Tuesday, July 31, 2007

Ruby? hmmmm!

Well, another day with Ruby and here is something that was bothering me right from day one.
If you have ever written something in Ruby, you might have noticed that Ruby is SLOW. I would go ahead and say that it is "pretty darn slow". May be this is the price you pay for all that 'syntactic sugar'?
A very simple bench mark - I created a class, added a to_s method, tried to print contents of the class, It took 10X time compared to Java 5 & Java 6 on Windows. 

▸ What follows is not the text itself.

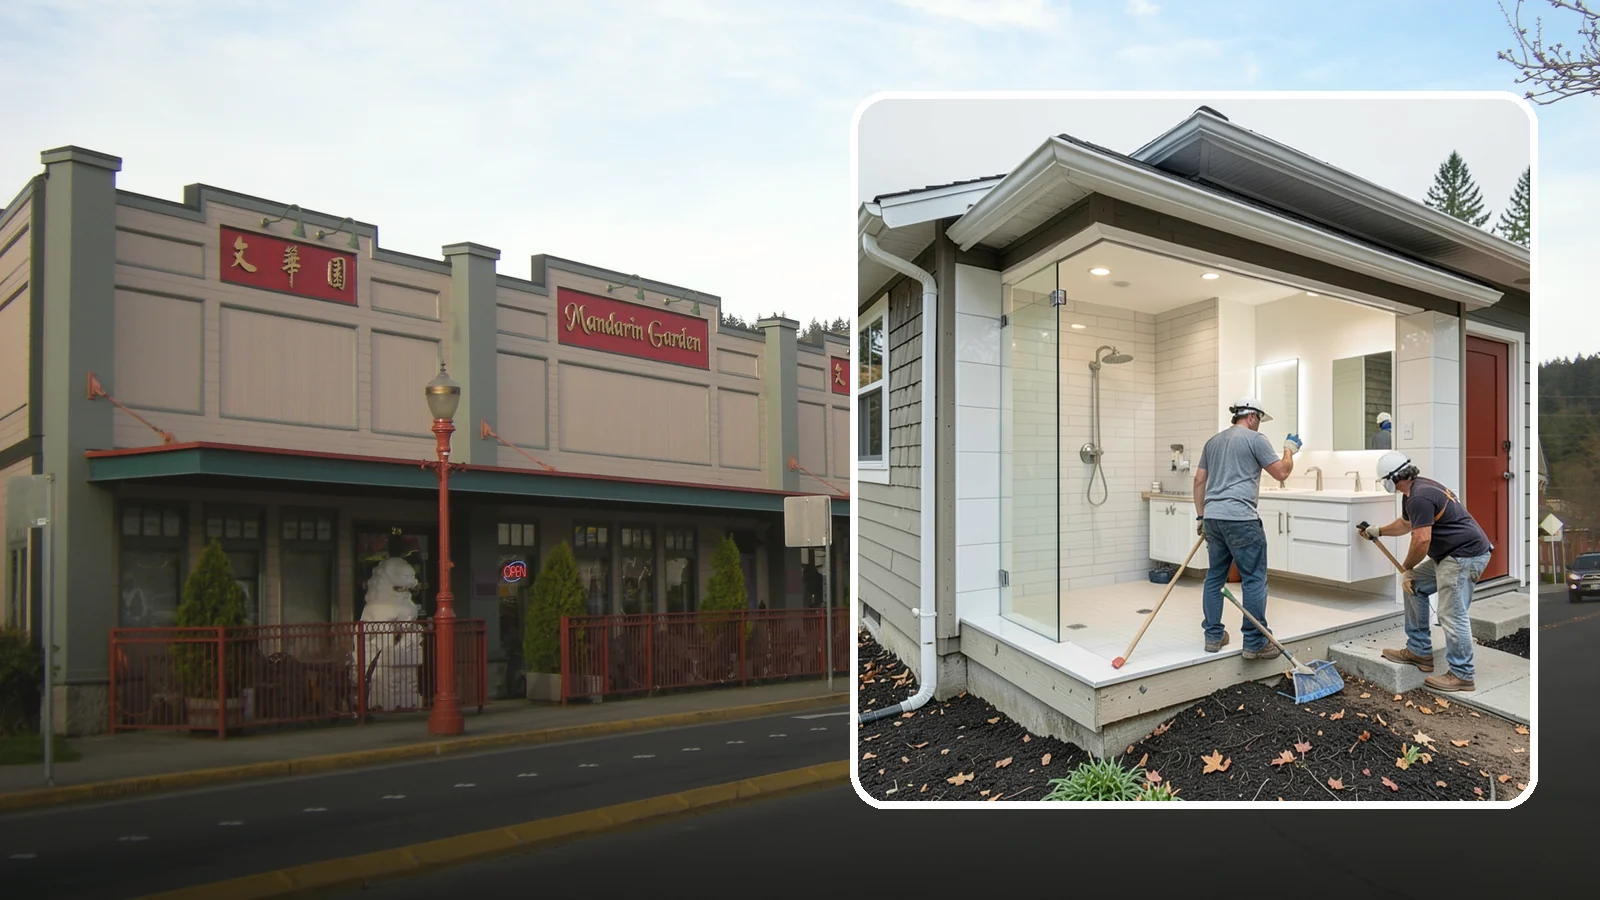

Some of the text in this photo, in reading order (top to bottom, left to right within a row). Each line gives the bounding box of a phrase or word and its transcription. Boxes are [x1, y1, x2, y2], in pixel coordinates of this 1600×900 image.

Oh by the way, I have to check out if this is same in OS X too.

Monday, July 30, 2007

Attempts to learn Ruby

Long time since I seriously looked at a programming language. I was thinking of which one to select. Given all the hype around Ruby, I thought of studying Ruby in a structured way. Why I say "structured" is, because I have had enough dabbling experience with Ruby already. 
So, I came across this very interesting construct called "symbols" in ruby. It is just like a variable, a name that starts with a colon - ':'
For a clear understanding I read through a lot of forums about symbols, and all I found is that this is a very confusing idea for new comers. As you can see, Ruby symbols generated a 100+ post thread on the ruby-talk@ruby-lang.org mailing list - and some of them are really heated.
Anyway, my take for now about symbols is:
In ruby, if you say, "some double quoted string" a thousand times, ruby creates different objects for it. But if you use a "Symbol"-ised reference to it, as :"Some double quoted string", it is a symbol and it is created only once. This seems to be useful in places where you create hashes.
Anyway, I agree, this is not a very satisfying explanation of Symbols(or at least their usage). But for a Ruby newbie, this should hold good enough.